E le mamme sole che devono far crescere una famiglia da sole? e i bambini senza un padre…

Sento parlare solo di padri separati. Ma ce ne sono tanti che non vogliono prendersi responsabilità?

E tu che proponi per quei padri che non gliene frega niente dei figli..? Sempre sta storia dei padri separati….uffff.

Nel frattempo a casa mia…

HO APERTO IL FRIGO; volevo preparare una cena, sapevo di avere varie cose …ho cercato di strutturare un menù sulla base di ciò che avevo, e così è stato. Avrei potuto pensare ad organizzare qualcosa con ciò che non c’era?
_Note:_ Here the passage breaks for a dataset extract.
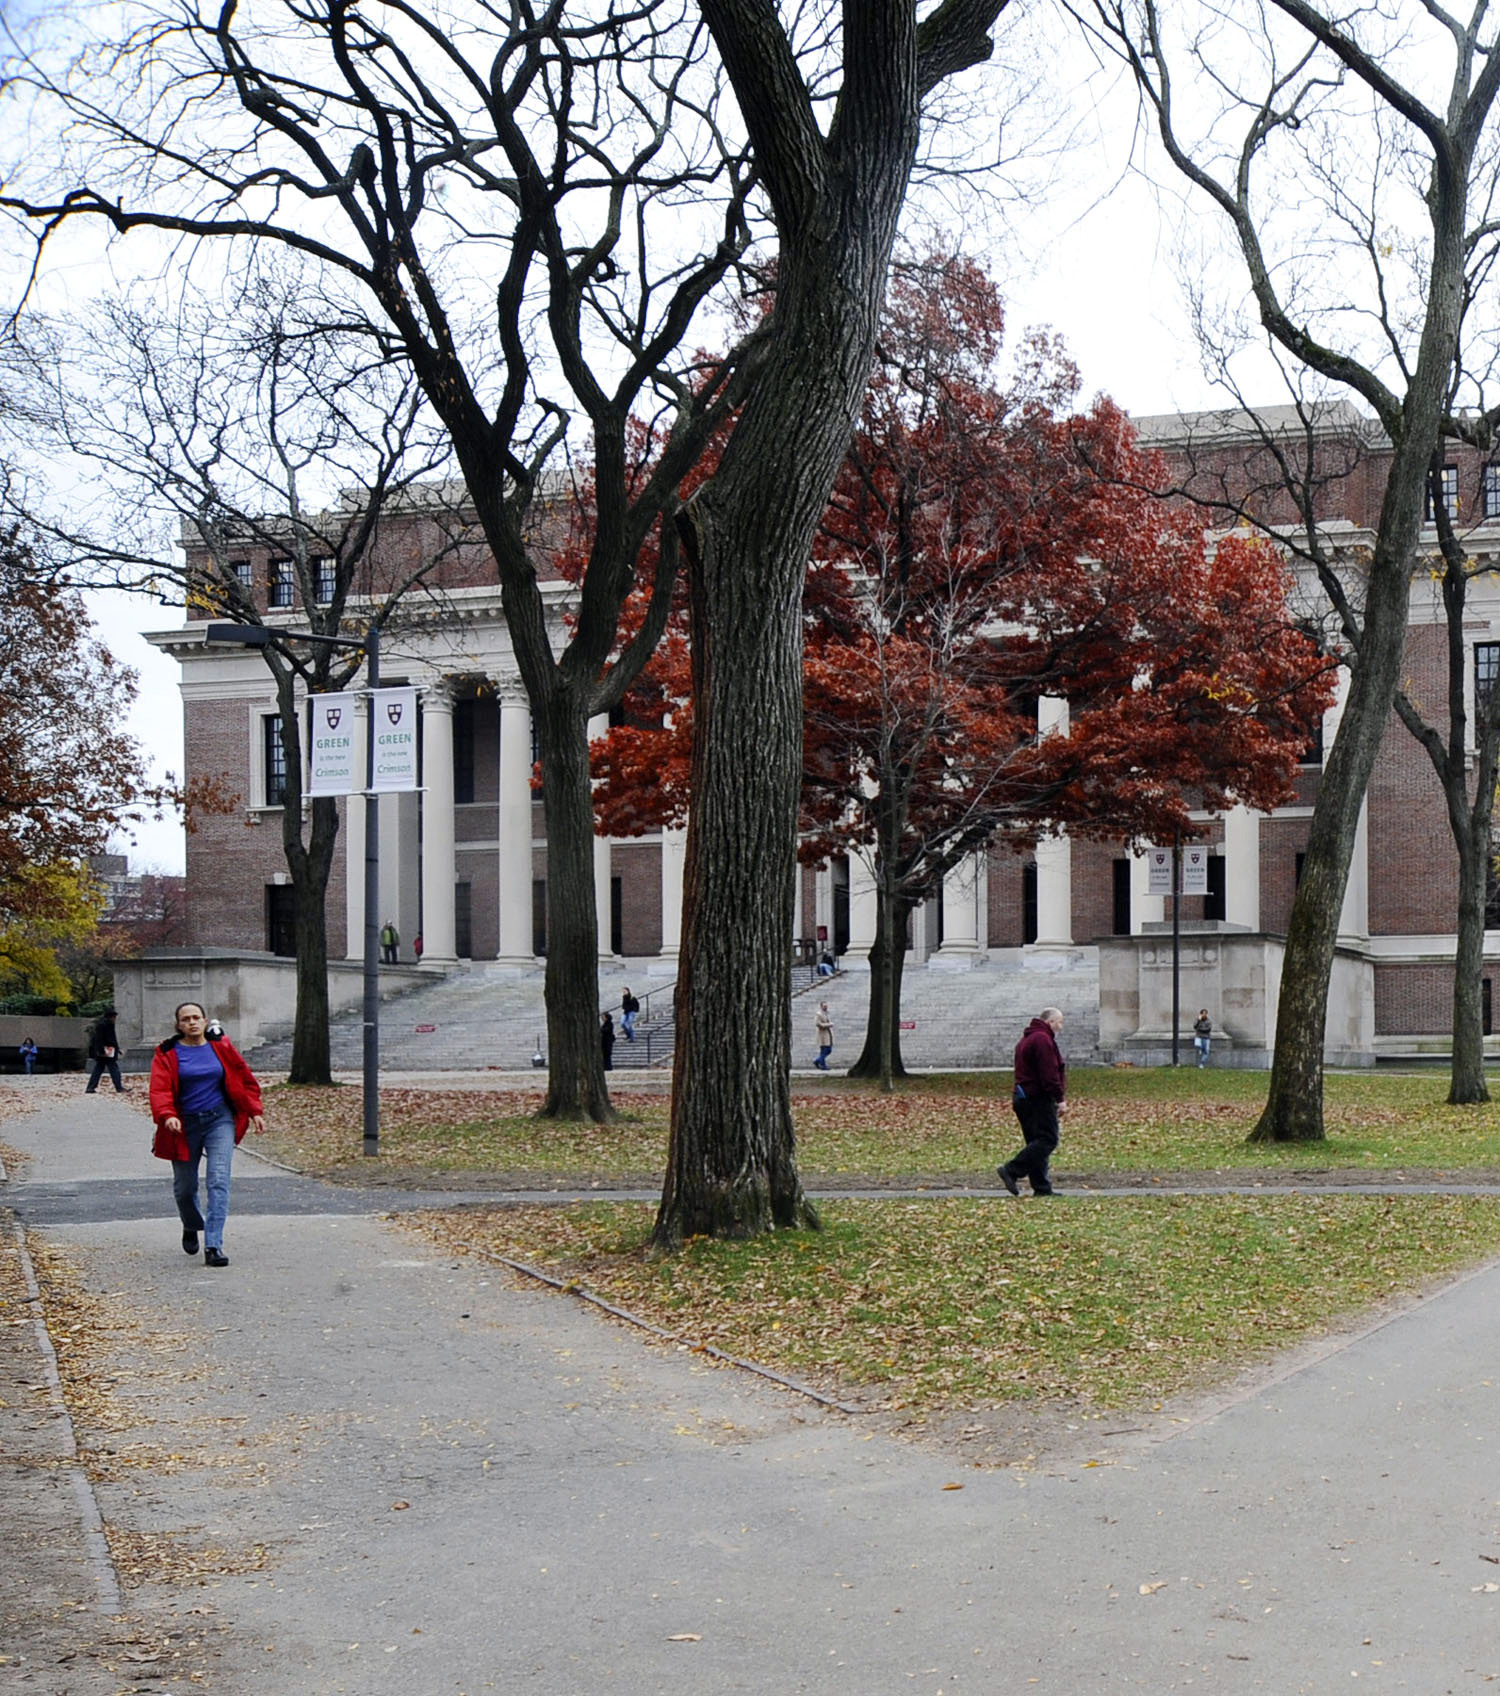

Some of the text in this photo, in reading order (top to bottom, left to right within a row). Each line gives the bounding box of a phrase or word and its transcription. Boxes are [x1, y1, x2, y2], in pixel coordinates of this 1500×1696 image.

[316, 737, 350, 749] GREEN
[378, 733, 412, 745] GREEN
[315, 767, 349, 777] Crimson
[377, 764, 411, 774] Crimson
Quando si pensa a ciò che c’è, ci si orienta alla realtà, al , Hic et nunc, al -Qui e Ora- detta all’italiana!.

Molto spesso le donne questo lo sanno bene e applicano la regola proprio prima di preparare pranzi e cene. Per non parlare di chi sa fare di necessità virtù. E’possibile cercare l’ingrediente “mancante”, ma comporta spesso dispendio di molte energie, fra cui tempo e denaro, cosa fattibile se si possiede quindi tempo e denaro e la voglia di realizzare un progetto a prescinde dalla disponibilità dell’esistente.

Con questo aneddoto mi sono permesso di rivolgermi alla Casellati per dirle che è bene cominciare (lei per prima, noi l’abbiamo già fatto!) a distinguere fra genitori assenti e genitori disponibili ed esistenti, perché cominciare dal RICONOSCERE la disponibilità degli esistenti, è un passo doveroso, sano ed etico (ma pure rispettoso!) per aprirsi una via verso quelli che non ci sono. I pessimi genitori assenti di cui sopra.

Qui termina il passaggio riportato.